* Since the last assessment in 2024, updated information became available that required a change in the baseline and target.
Violence is a major public health issue because of its profound impact on health and well-being. Among all forms of violence, homicide is the most devastating, as it results in avoidable loss of life. Adolescents and young adults are disproportionately affected, and homicide remains one of the leading causes of death in this age group in the Americas.
Between 2000 and 2021, the regional homicide mortality rate among youths aged 15–24 years fluctuated, with an overall modest decline of approximately 4.0%, from 34.6 to 33.2 deaths per 100 000 in this age group. Since the baseline year of 2015, when the rate was 34.2, the average annual reduction was approximately 0.5%. The projected value for 2025 is 33.0 deaths per 100 000 population aged 15-24 years, representing only a slight improvement compared to 2021 and remaining 2.4% above the 2025 target of 32.2. Progress under this indicator is therefore considered to be stagnating.

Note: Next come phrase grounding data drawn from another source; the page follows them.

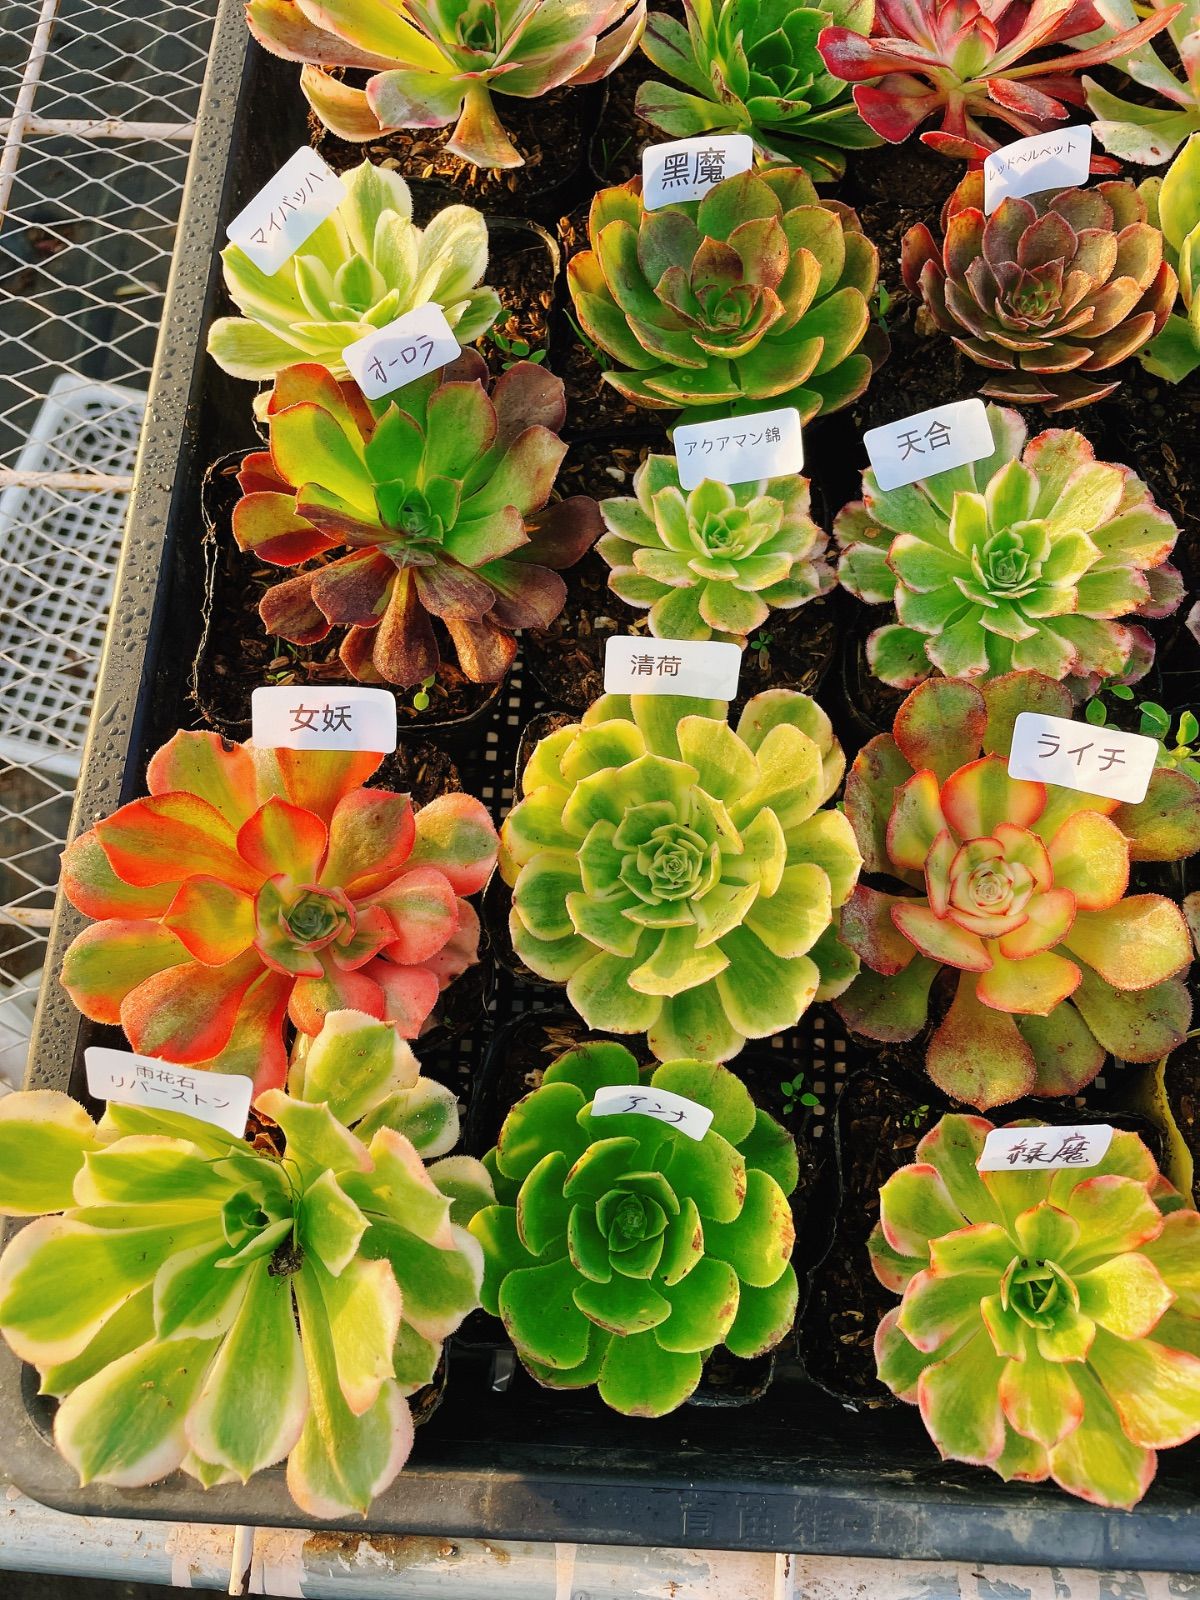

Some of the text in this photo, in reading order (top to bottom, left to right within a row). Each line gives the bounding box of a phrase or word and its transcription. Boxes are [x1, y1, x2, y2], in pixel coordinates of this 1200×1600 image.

[989, 141, 1076, 181] レッドベルベット
[250, 172, 324, 244] マイバッハ
[367, 334, 434, 384] オーロラ
[684, 426, 781, 456] アクアマン錦
[896, 420, 951, 461] 天合
[630, 654, 682, 676] 清荷
[289, 703, 353, 733] 女妖
[1037, 733, 1126, 771] ライチ
[111, 1074, 230, 1109] リバーストン
[135, 1064, 196, 1090] 雨花石
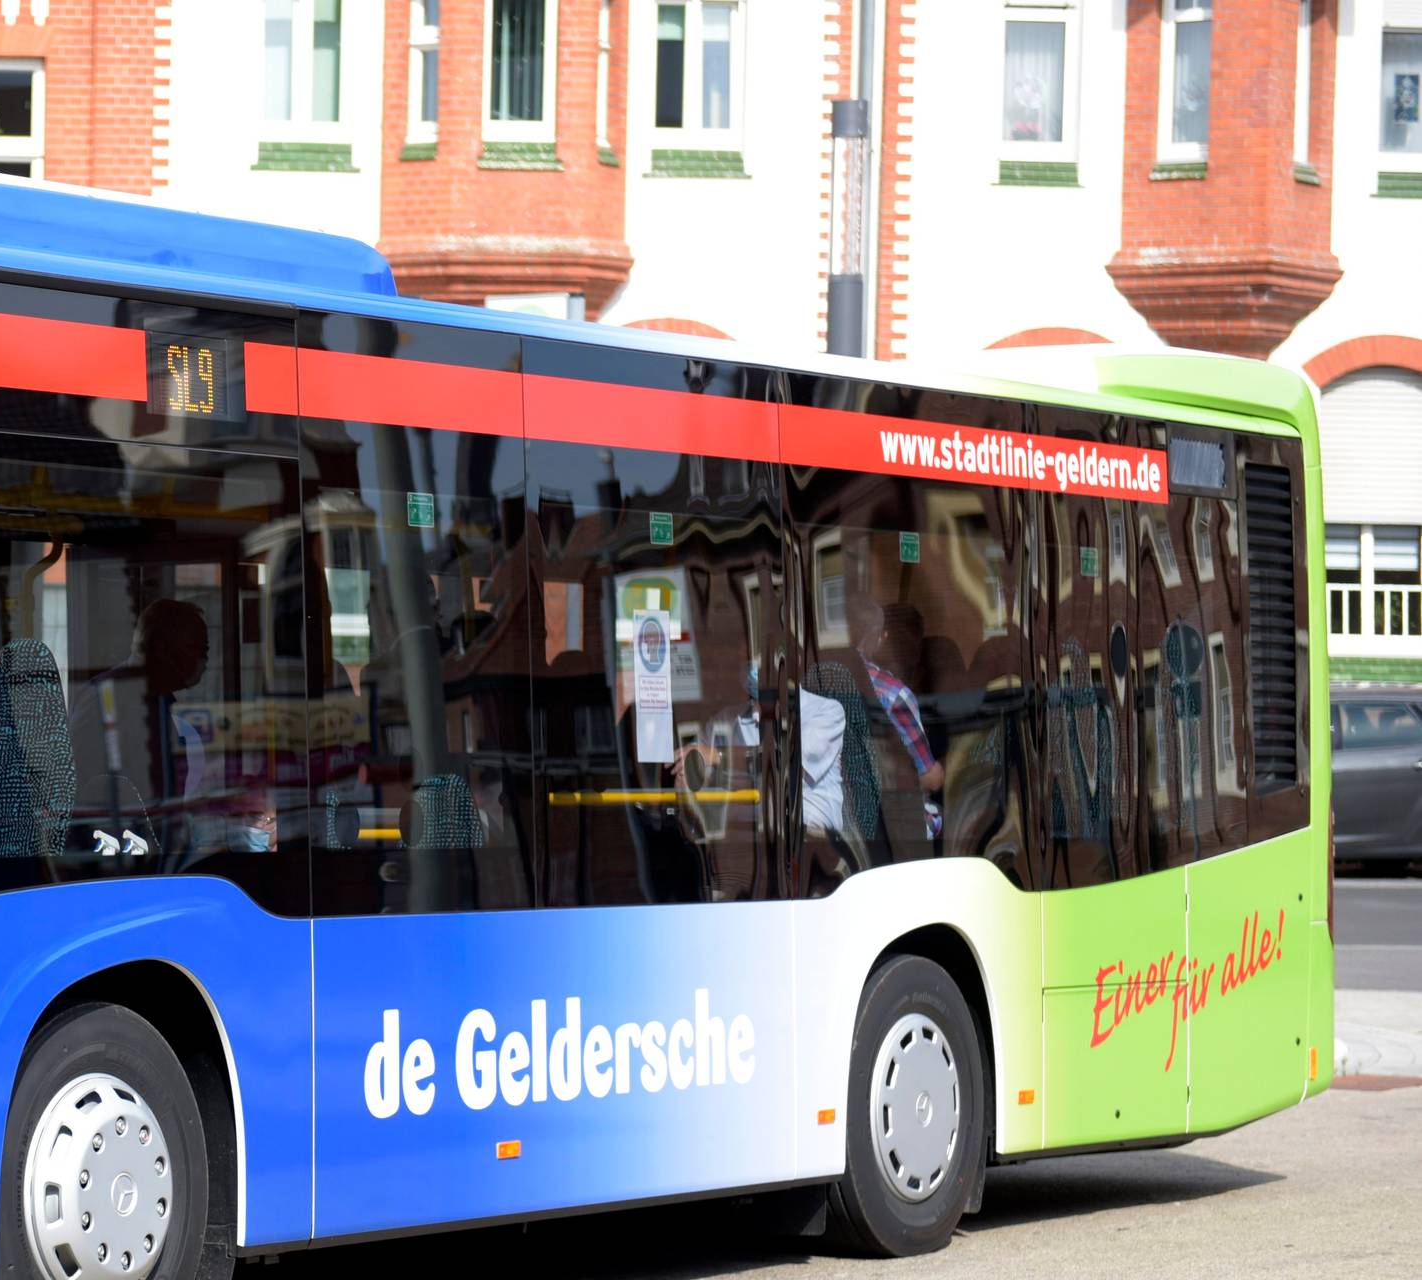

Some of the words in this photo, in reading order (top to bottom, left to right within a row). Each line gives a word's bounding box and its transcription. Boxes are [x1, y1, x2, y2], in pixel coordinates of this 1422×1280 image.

[167, 344, 214, 414] SL9
[879, 430, 1161, 493] www.stadtlinie-geldern.de
[1090, 950, 1173, 1048] Einer
[1165, 955, 1215, 1073] für
[1220, 908, 1285, 997] alle!
[364, 1008, 436, 1119] de
[455, 988, 756, 1111] Geldersche

Youth homicide continues to be a major public health issue in the Americas, driven primarily by social and structural determinants rather than individual or biomedical factors. Young males are disproportionately affected, reflecting broader social norms and greater exposure to violence. Analyses of homicide data in Latin America and the Caribbean suggest that although homicide rates among adolescent males have declined somewhat in recent years, they remain comparatively high. At the same time, homicide rates among adolescent girls have worsened, doubling between 2021 and 2022.
Homicide is only the tip of the iceberg of violence in the Americas. Interpersonal violence takes many equally unacceptable forms, which often intersect and are mutually reinforcing. Exposure to violence frequently begins early in life. Reducing the likelihood that a child witnesses violence between parents decreases the likelihood of that individual perpetuating or experiencing violence later in life. Exposure to family violence, child maltreatment, bullying, dating violence, and sexual violence has been linked to other forms of violence in later life. This cycle can be broken.

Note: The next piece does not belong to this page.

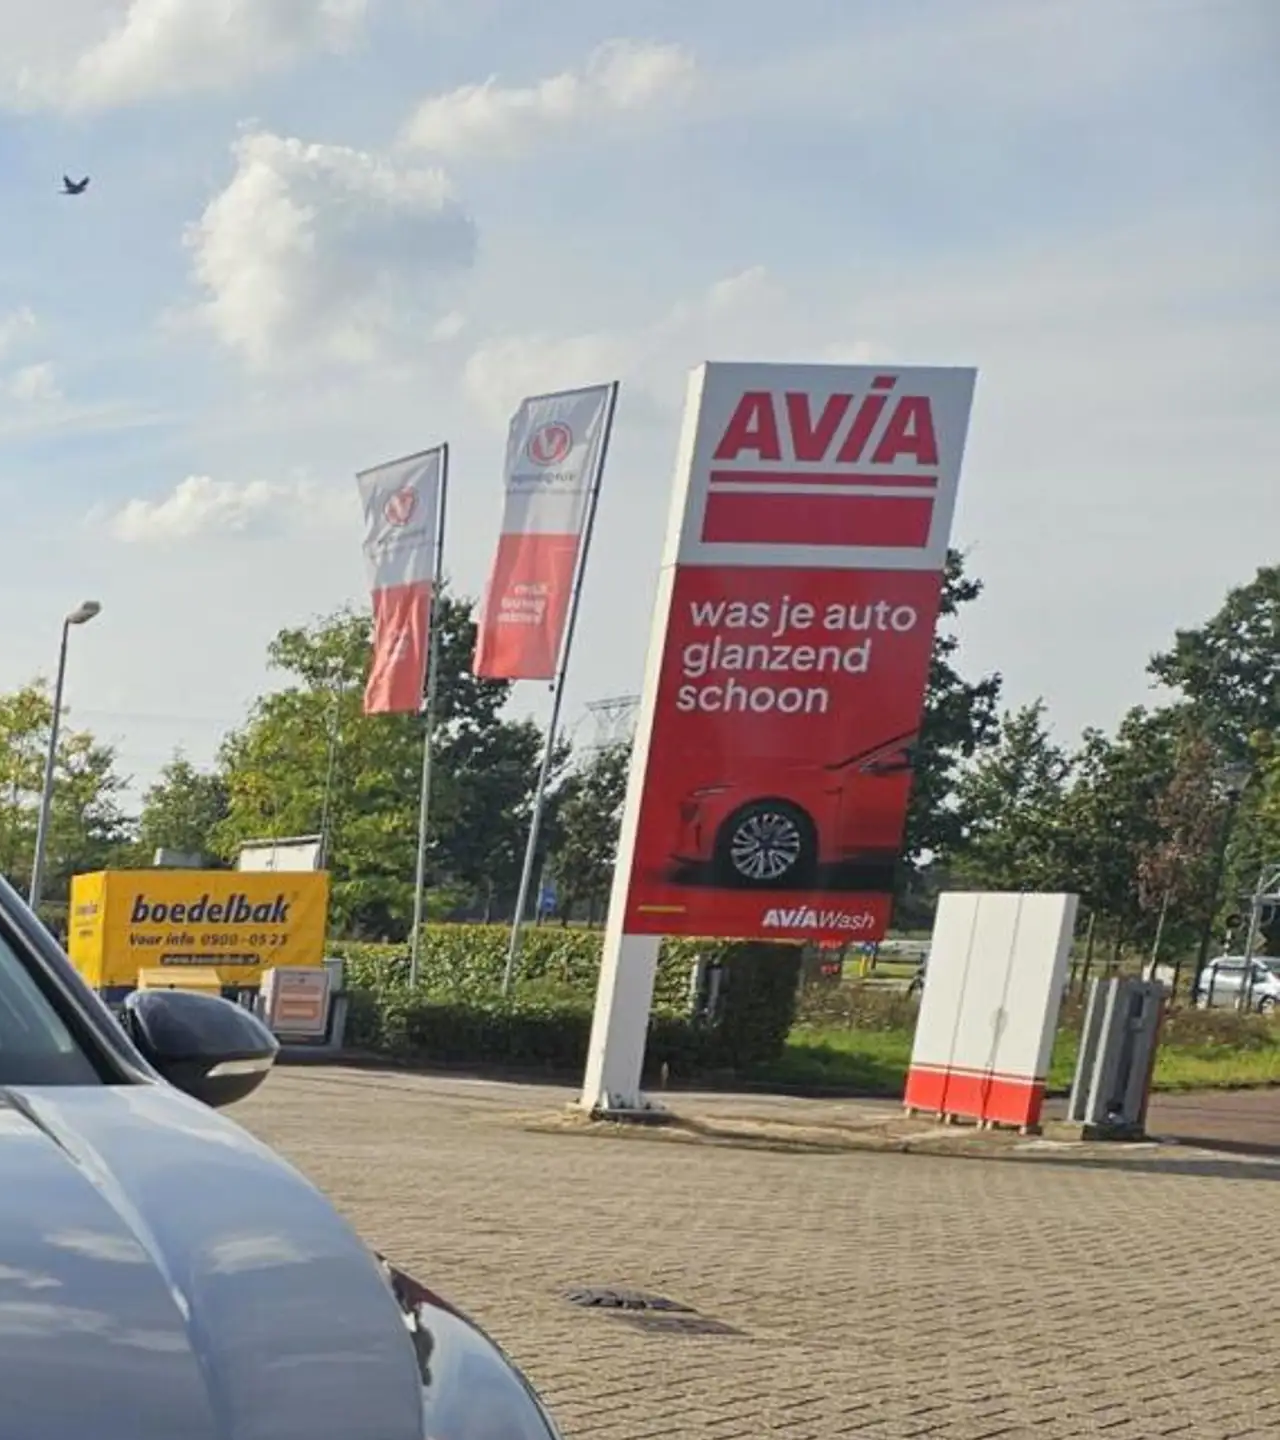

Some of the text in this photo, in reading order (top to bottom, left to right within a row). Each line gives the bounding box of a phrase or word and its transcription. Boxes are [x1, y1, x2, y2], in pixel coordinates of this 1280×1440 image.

Multisectoral, prevention-oriented approaches aligned with existing guidance, particularly the INSPIRE framework, emphasize the need to address the determinants of violence, fostering protective environments, investing in education, reducing socioeconomic disparities, and strengthening health system responses, as well as engaging parents, caregivers, communities, and young people. A central component of the prevention agenda is addressing the normalization of violence and shifting social norms away from the acceptance of violence in all its forms.

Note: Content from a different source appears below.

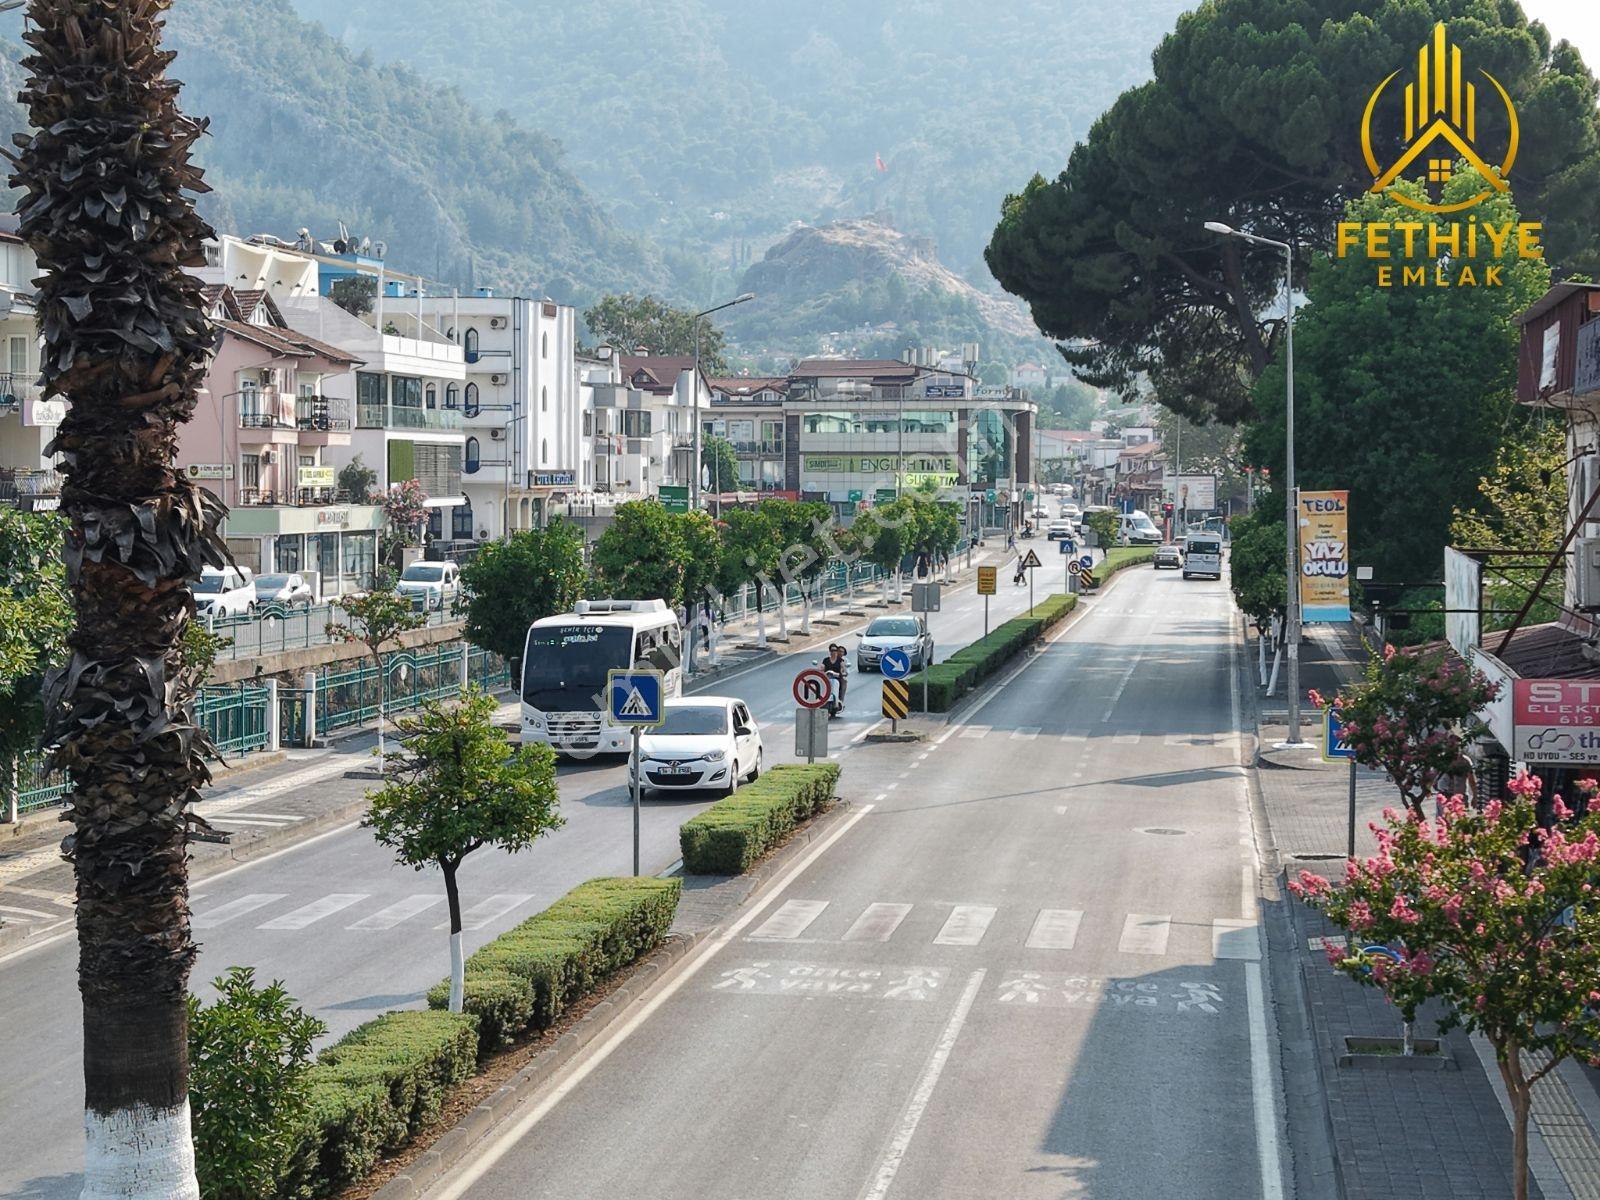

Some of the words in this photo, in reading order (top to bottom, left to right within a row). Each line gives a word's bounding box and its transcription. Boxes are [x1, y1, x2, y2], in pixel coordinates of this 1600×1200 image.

Advocate for violence prevention and response to be incorporated in health policies, protocols, and budgets.
Strengthen health system responses to violence, including the early identification of at-risk groups and referral to appropriate support services before violence escalates.
Boost investment in evidence-based policies and interventions aligned with a public health approach to violence prevention, including the interventions outlined in the INSPIRE framework.
Improve multisectoral coordination at the regional, national, and local levels, bringing together all relevant stakeholders, including the health sector, to prevent violence in all its forms.
Expand the evidence base on the scale, consequences, and risk factors of violence, and effective approaches for prevention, and promote the use of this evidence in policy and practice.